All’inizio degli anni settanta, il partigiano Sergio “Cencio” Alloisio creò il Gruppo Teatro Quartiere di Oregina per cui il figlio Gian Piero, allora quindicenne, scrisse le prime canzoni.
Da li nascerà l’Assemblea Musicale Teatrale. Si era nel 1975, e proprio dall’esperienza del Teatro Quartiere di Oregina, diretta come detto dal partigiano Sergio “Cencio” Alloisio e dal gruppo di rock progressivo “La famiglia degli Ortega, di cui facevano parte Bruno Biggi, Alberto Canepa e Gianni Martini, partiva la storia del gruppo.
I primi spettacoli vennero censurati perché criticano esplicitamente personalità di spicco a Genova.
Dopo la pubblicazione del loro primo album “Dietro le sbarre”, vengono ascoltati da Francesco Guccini con cui iniziano una stretta collaborazione.
Due anni dopo Guccini produce il loro album “Marilyn” nel quale si sente la sua
voce pronunciare una frase all’inizio di un brano. In un loro album seguente, “Il sogno di Alice”, includono un brano scritto da Guccini, “Lager” (vedi la foto del vinile pubblicato in basso).
Lo stesso cantautore emiliano lo inserirà con piccole modifiche nel suo album seguente, “Metropolis”, insieme ad un brano scritto da Gian Piero Alloisio destinato a diventare famoso con il titolo di “Venezia”.
Con l’arrivo di Alberto Canepa – animatore della scena culturale genovese – di Gianni Martini e Bruno Biggi, provenienti dal successo sanremese di “Jesahel” con i Delirium di Ivano Fossati, si formò così l’Assemblea Musicale Teatrale. La band, producendo quattro album tra il rock progressive e la canzone d’autore, riuscì a influenzare la musica italiana, rimanendo però sempre legata al “basso”, ai quartieri genovesi di Oregina e Marassi.

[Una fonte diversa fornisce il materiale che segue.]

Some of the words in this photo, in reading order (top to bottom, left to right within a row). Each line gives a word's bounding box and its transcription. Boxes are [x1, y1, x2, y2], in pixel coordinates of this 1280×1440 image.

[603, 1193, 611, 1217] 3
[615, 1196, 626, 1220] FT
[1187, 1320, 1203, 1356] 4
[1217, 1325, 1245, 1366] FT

Ed oggi, a mezzo secolo esatto dalla fondazione, l’Università di Genova ha deciso di realizzare un docufilm sulla storia del gruppo, con l’esibizione di sabato 31 gennaio.
Per l’occasione, il gruppo formato da Gian Piero Alloisio (frontman e autore dell’AMT), Bruno Biggi (chitarrista e bassista) e Gianni Martini (chitarrista e arrangiatore), con il contributo di Claudio Andolfi (batterista),
Claudio De Mattei (bassista) e Lorenzo Marmorato (pianista e tastierista), terranno come detto un concerto sabato 31 gennaio alle 20.30 al Teatro della Tosse, eseguendo i brani più rappresentativi della loro storia.
Sarà un momento fondamentale per riascoltare testi che rappresentano il sale della contro cultura degli anni settanta.
Negli anni, i componenti dell’Assemblea hanno collaborato con artisti fondamentali della musica d’autore italiana, come ad esempio, oltre a Francesco Guccini, a Giorgio Gaber e Claudio Lolli.
Ciò che colpisce, è la tremenda attualità di alcuni testi che, ricantati oggi, assumono un fascino profetico. Un esempio è “America”, pubblicata nel 1977 e “censurata” oggi su You Tube e FB!
Tra le canzoni che Gian Piero Alloisio e compagni faranno ascoltare, ricordiamo “Gli Indiani”, “Marilyn”, “Ribellarsi è giusto”, “I ricchi”, “La nostra storia”, “Venezia”, “Lager”, “La fattoria degli animali”, “Fiascheggiatori”, “Mohammed” e “La rivoluzione c’è già stata”.
Un appuntamento unico, atteso… 50 anni! Per questo da non perdere.